BEGIN

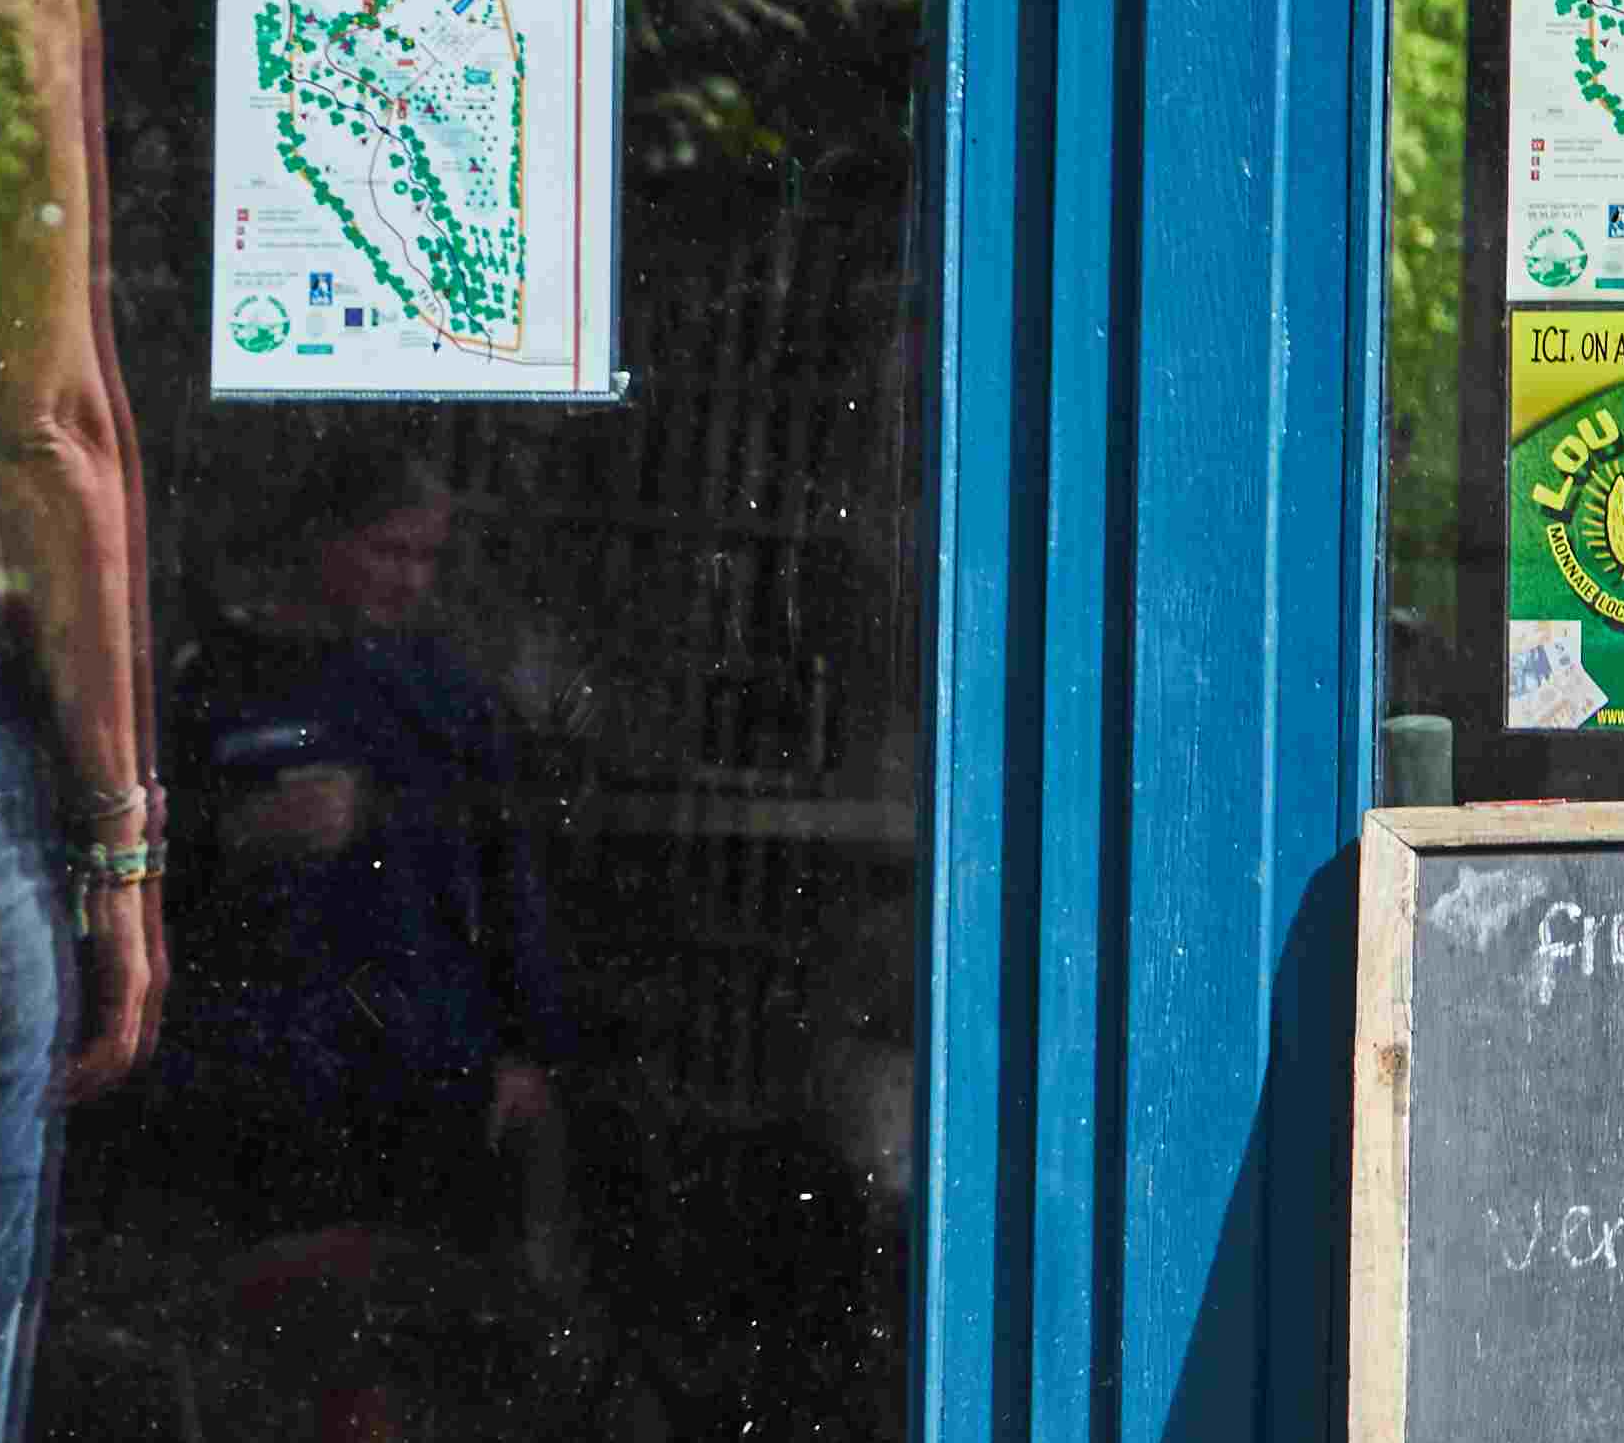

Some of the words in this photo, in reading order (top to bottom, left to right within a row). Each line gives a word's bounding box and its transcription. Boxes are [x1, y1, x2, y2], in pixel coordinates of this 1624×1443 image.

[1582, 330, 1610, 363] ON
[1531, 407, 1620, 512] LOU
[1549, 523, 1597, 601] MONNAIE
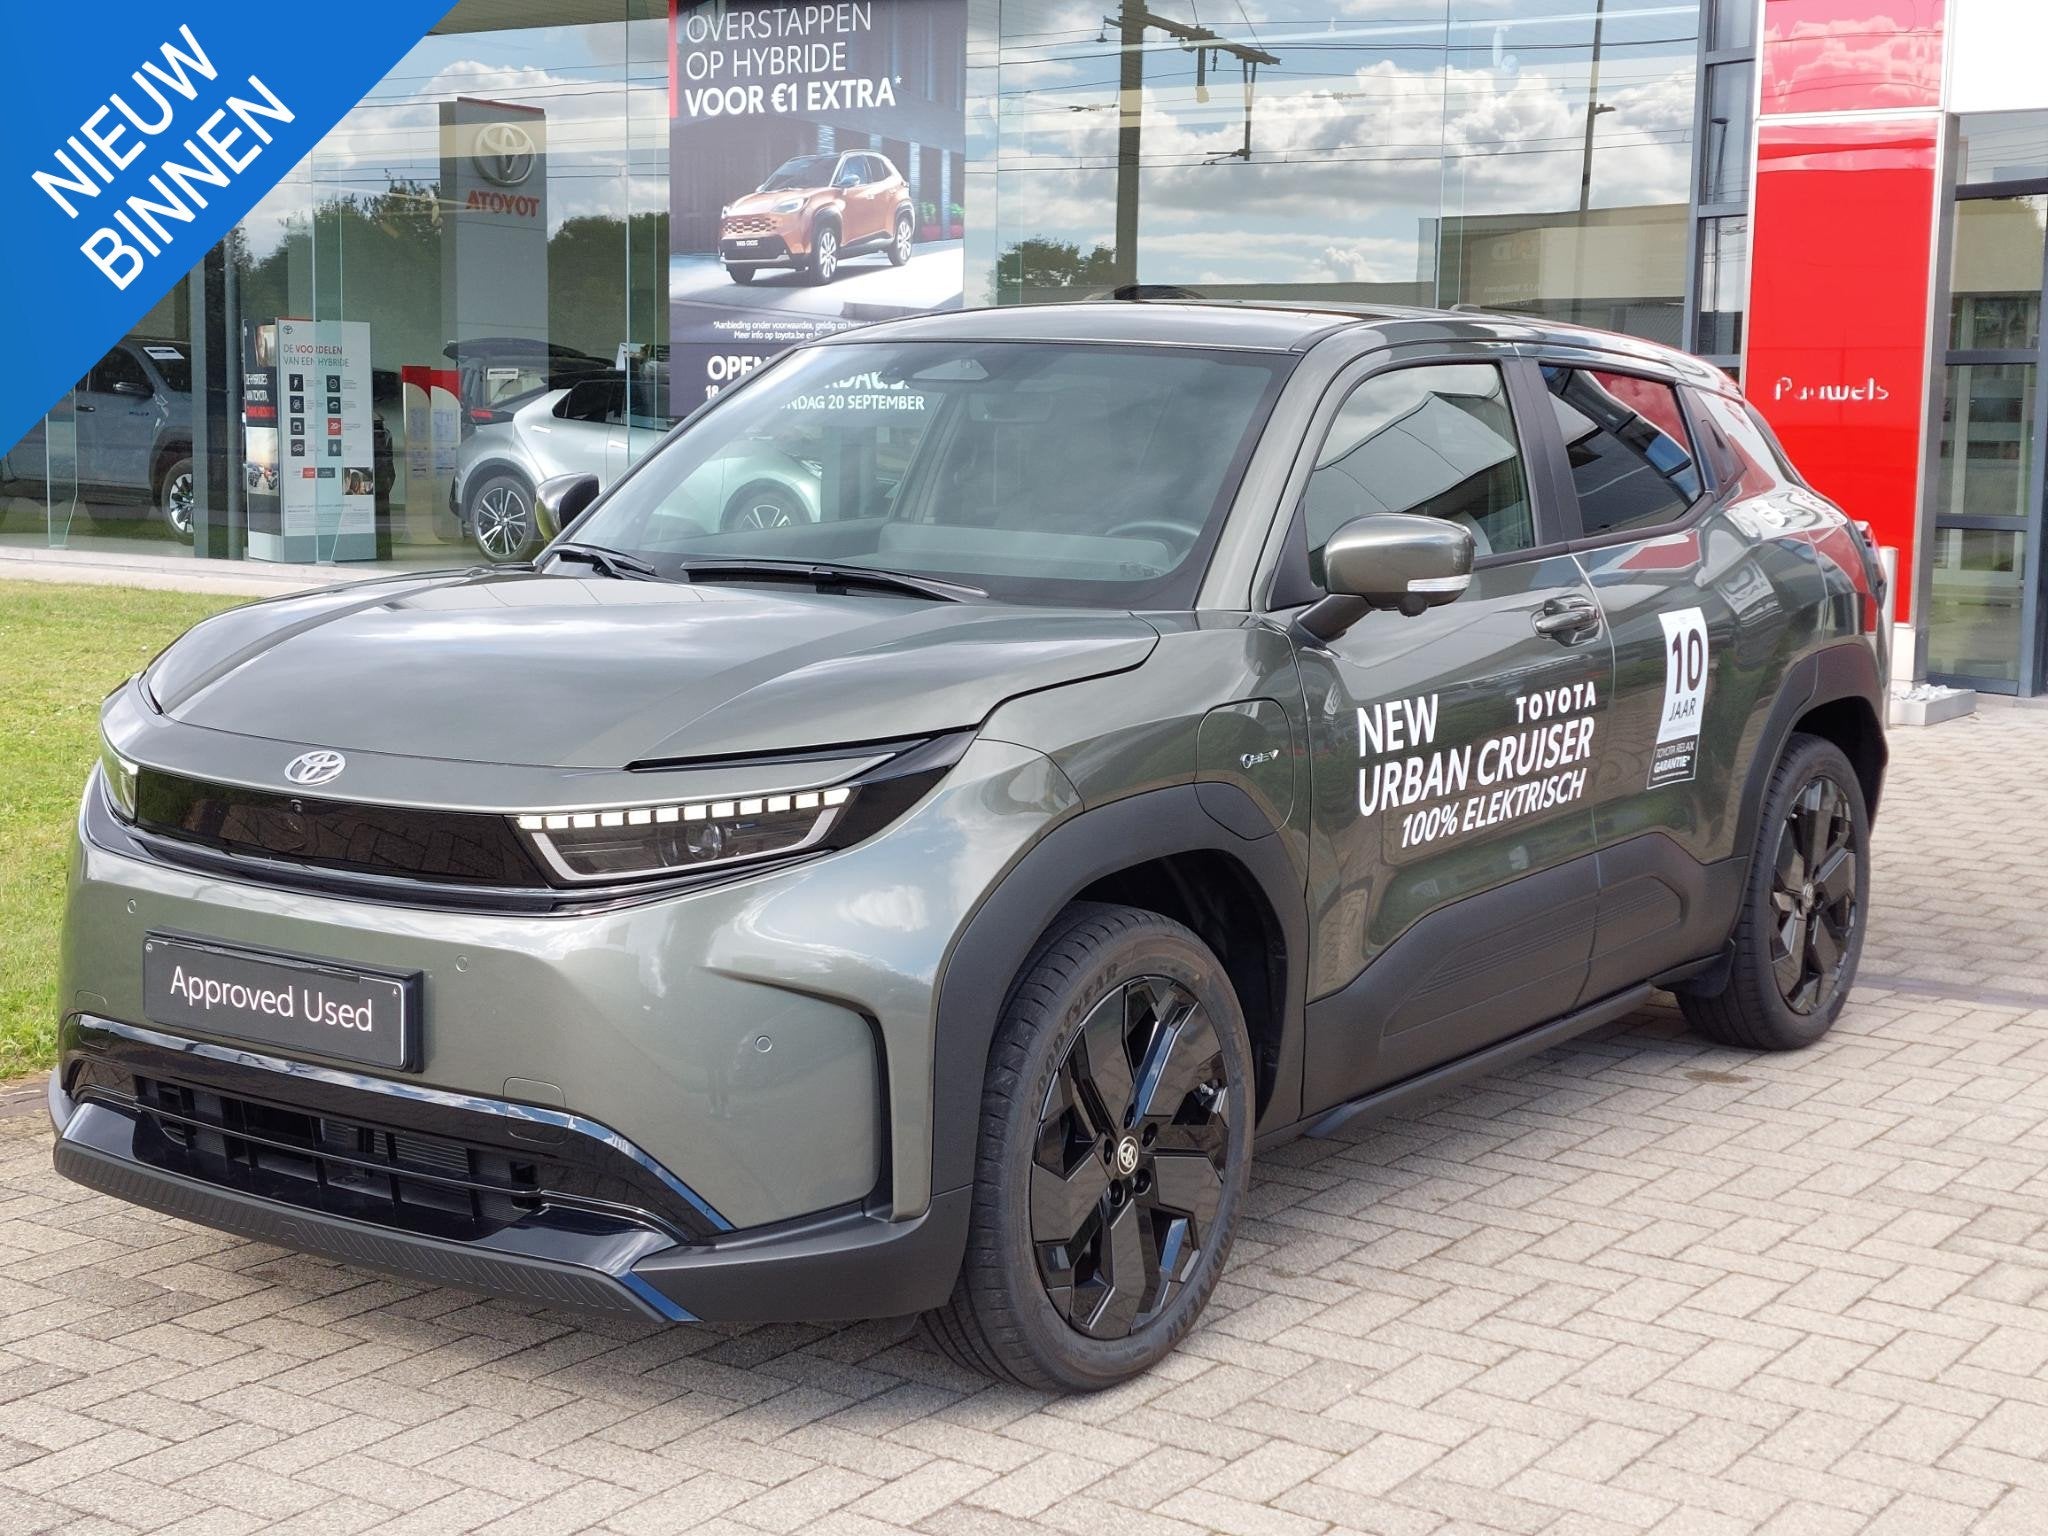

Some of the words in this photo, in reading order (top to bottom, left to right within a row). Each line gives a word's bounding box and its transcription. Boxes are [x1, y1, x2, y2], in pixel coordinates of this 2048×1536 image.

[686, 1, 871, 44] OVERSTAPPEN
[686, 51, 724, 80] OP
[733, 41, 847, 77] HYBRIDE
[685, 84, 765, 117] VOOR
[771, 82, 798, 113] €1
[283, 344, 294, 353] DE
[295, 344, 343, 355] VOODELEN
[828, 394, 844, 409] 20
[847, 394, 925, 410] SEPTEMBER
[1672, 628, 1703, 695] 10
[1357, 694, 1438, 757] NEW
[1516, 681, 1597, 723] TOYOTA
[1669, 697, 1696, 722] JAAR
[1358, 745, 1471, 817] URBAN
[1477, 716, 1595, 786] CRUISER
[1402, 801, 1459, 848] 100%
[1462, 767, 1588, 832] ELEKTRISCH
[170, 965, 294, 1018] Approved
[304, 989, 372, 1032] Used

END

Produce the full material again verbatim, with the pictures dropped.

REPLY:
Some of the words in this photo, in reading order (top to bottom, left to right within a row). Each line gives a word's bounding box and its transcription. Boxes are [x1, y1, x2, y2], in pixel coordinates of this 1624×1443 image.

[1582, 330, 1610, 363] ON
[1531, 407, 1620, 512] LOU
[1549, 523, 1597, 601] MONNAIE

Some of the words in this photo, in reading order (top to bottom, left to right within a row). Each line gives a word's bounding box and its transcription. Boxes are [x1, y1, x2, y2], in pixel coordinates of this 2048×1536 image.

[686, 1, 871, 44] OVERSTAPPEN
[686, 51, 724, 80] OP
[733, 41, 847, 77] HYBRIDE
[685, 84, 765, 117] VOOR
[771, 82, 798, 113] €1
[283, 344, 294, 353] DE
[295, 344, 343, 355] VOODELEN
[828, 394, 844, 409] 20
[847, 394, 925, 410] SEPTEMBER
[1672, 628, 1703, 695] 10
[1357, 694, 1438, 757] NEW
[1516, 681, 1597, 723] TOYOTA
[1669, 697, 1696, 722] JAAR
[1358, 745, 1471, 817] URBAN
[1477, 716, 1595, 786] CRUISER
[1402, 801, 1459, 848] 100%
[1462, 767, 1588, 832] ELEKTRISCH
[170, 965, 294, 1018] Approved
[304, 989, 372, 1032] Used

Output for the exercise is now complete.